Centauri:
esseri duali. Non soltanto erano insieme uomo e cavallo, avevano una doppia
natura: saggi e guaritori, ma anche violenti e stupratori. L'identità maschile
è scissa in animale (fecondatore) e civile (paternità) ben più di quanto lo sia
quella femminile. La sua polarità sociale non è frutto di lunga evoluzione, ma
recente e culturale. Quindi, più precaria. Con lo sprofondare del patriarcato
riemerge, nel pieno della postmodernità, il polo "rimosso": la natura
animale, simboleggiata dal cavallo. Come nel mito, irrompono patologie quale lo
stupro di gruppo, sconosciuto alle specie animali, testimone di una incapacità
di relazione risolta con la violenza.
Top secret. L'identità maschile rimane un sancta sanctorum. Un
luogo inaccessibile allo sguardo. E' il caro prezzo pagato in cambio
dell'abitudine a pensarsi - consapevolmente o meno - il detentore naturale del
potere, nella sfera privata della famiglia come in quella pubblica. Ancora oggi
si pensa che l'identità maschile sia soltanto una somma di predisposizioni
biologiche, di muscoli e corteccia cerebrale. Che, insomma, maschio si nasce e
non lo si diventa. E, invece, chissà, si potrebbe scoprire che il maschile è
una costruzione storica e magari neppure tanto solida. Anzi. Maschio si
diventa, e a prezzo di operazioni culturali sempre precarie, di scelte più o
meno sotterranee tra modelli, riferimenti e archetipi che mal s'accordano tra
loro. Per esempio, tra i due principi contrapposti di animalità e civiltà. Che
il maschio umano diventi un animale capace di socialità solo attraverso un
faticoso processo culturale lo sostiene Luigi Zoja, psicanalista e presidente
dell'associazione che raggruppa tutti gli analisti junghiani (Iaap), oltre che
del Centro italiano di psicologia analitica. La coesistenza tra la polarità
animale e la capacità di convivere con gli altri in società è cosa complicata
da ottenere. Un tema classico della psicanalisi da Freud in poi. Luigi Zoja se
n'è occupato in saggi recenti, Contro Ismene, Considerazioni sulla
violenza (Bollati Boringhieri) e La morte del prossimo (Einaudi),
ma è soprattutto ne II gesto di Ettore (uscito sempre per
Bollati nel 2000) che ha messo a fuoco l'identità maschile come il terreno di
lotta tra principi contrapposti. Lì era appunto la scomparsa del padre, il
rifiuto della figura paterna nel suo significato più positivo di educatore alla
civiltà, a spiegare il senso di un fallimento epocale, di una regressione del
maschio al polo opposto dell'animalità bestiale. Come nella figura mitologica
dei Centauri - tema di una relazione che Luigi Zoja ha tenuto venerdì scorso al
Festival della mente di Sarzana (fino ad oggi) - riemerge nel maschio contemporaneo
il polo rimosso dell'animale fecondatore, incapace di amare e di rapportarsi
all'altro e, per ciò stesso, incline alla patologia dello stupro.
Il modello
che in questa società riscuote più successo è quello del maschio che compete
per conquistare l'oggetto del desiderio prima degli altri rivali. L'esito
estremo di questa cultura è lo stupro. Perché è fallito l'altro modello, quello
del padre educatore alla convivenza civile?
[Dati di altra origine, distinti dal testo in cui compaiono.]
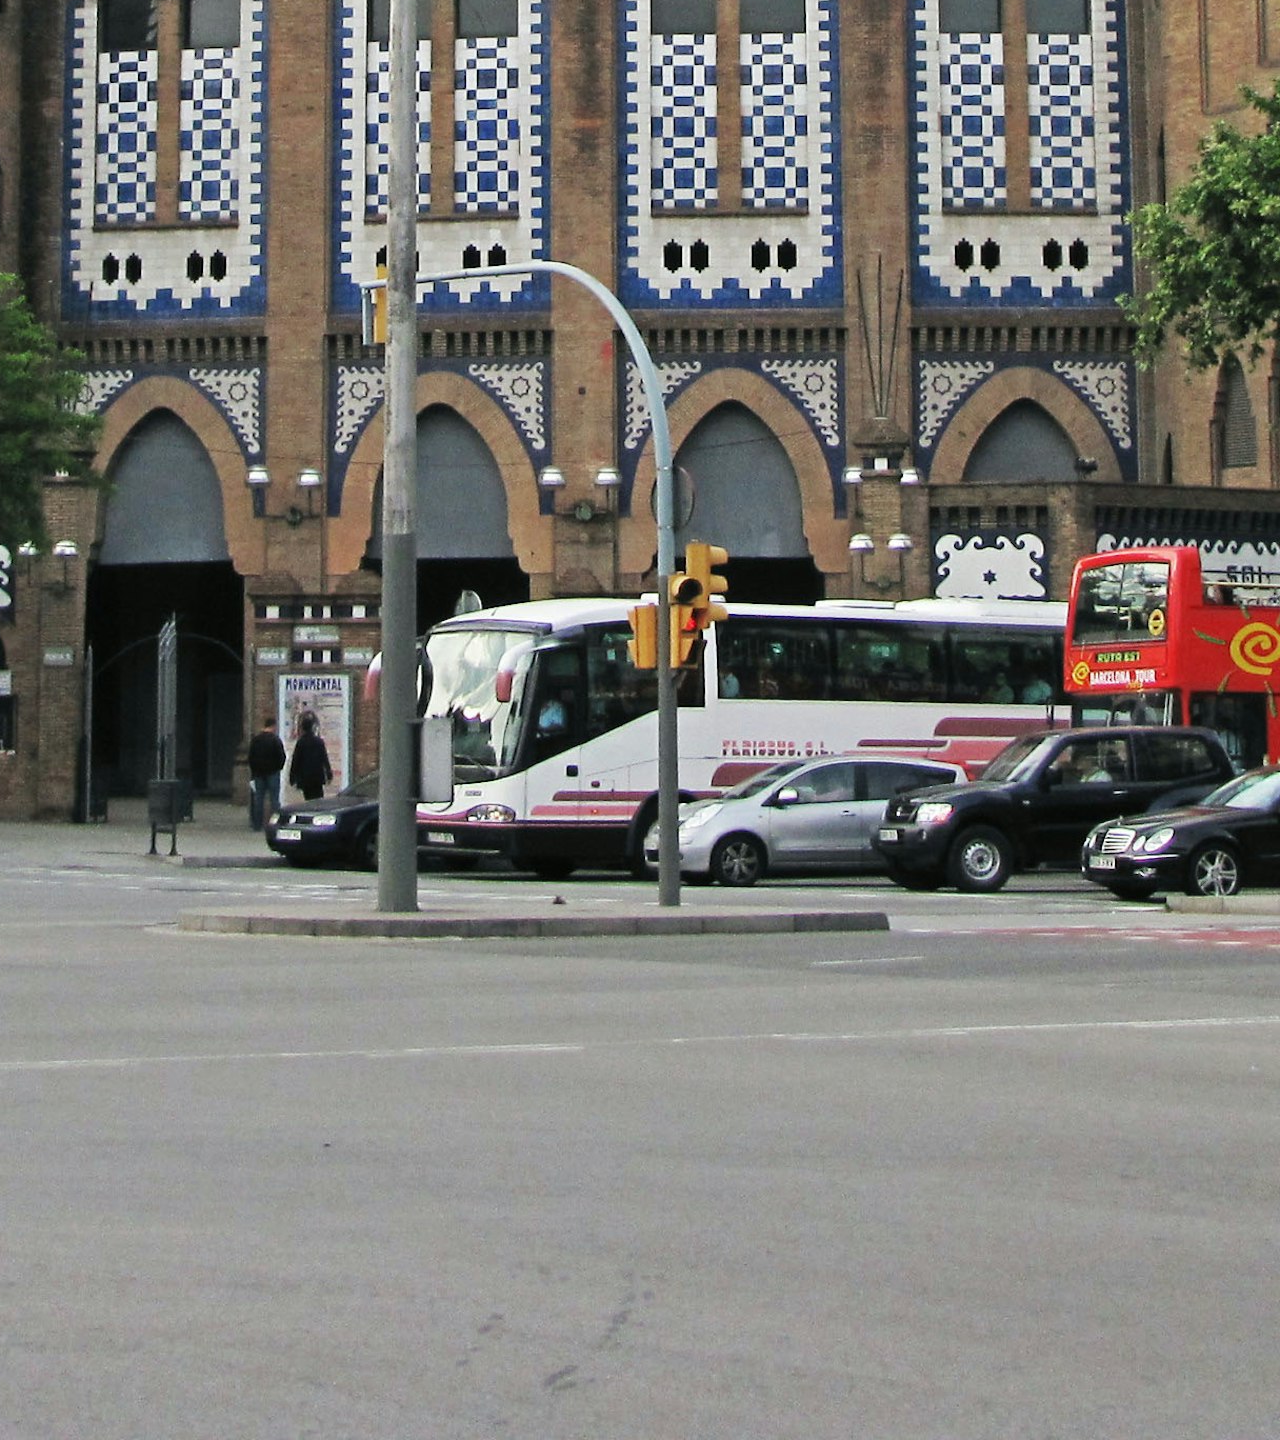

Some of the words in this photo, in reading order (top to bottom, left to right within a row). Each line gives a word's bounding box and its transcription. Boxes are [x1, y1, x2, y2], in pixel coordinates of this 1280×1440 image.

[1090, 670, 1131, 685] BARCELONA
[1135, 668, 1156, 682] TOUR
[286, 678, 342, 690] MONUMENTAL
Questo sarebbe l'altro aspetto di un lavoro sull'identità maschile. A
differenza dell'identità femminile in cui la "femmina" e la
"madre", le due dimensioni orizzontale e verticale, coesistono da
sempre, perché coesistono nella scala evolutiva in tutti gli animali man mano
che ci si avvicina agli esseri umani e continuano a coesistere in tutte le
civiltà primitive, moderne e postmoderne, quella maschile subisce invece degli
sbalzi notevoli. Fondamentalmente la parte paterna comincia con la cultura. Gli
animali più vicini a noi non hanno dei veri ruoli paterni, hanno soltanto il
maschio che compete per le femmine, si accoppia e non riconosce i propri figli,
non se ne occupa. Il padre è un'invenzione culturale. Il patriarcato è fragile,
anche dal punto di vista psicologico, proprio perché è una costruzione storica.
Nell'identità maschile le due polarità, "maschio competitivo animale"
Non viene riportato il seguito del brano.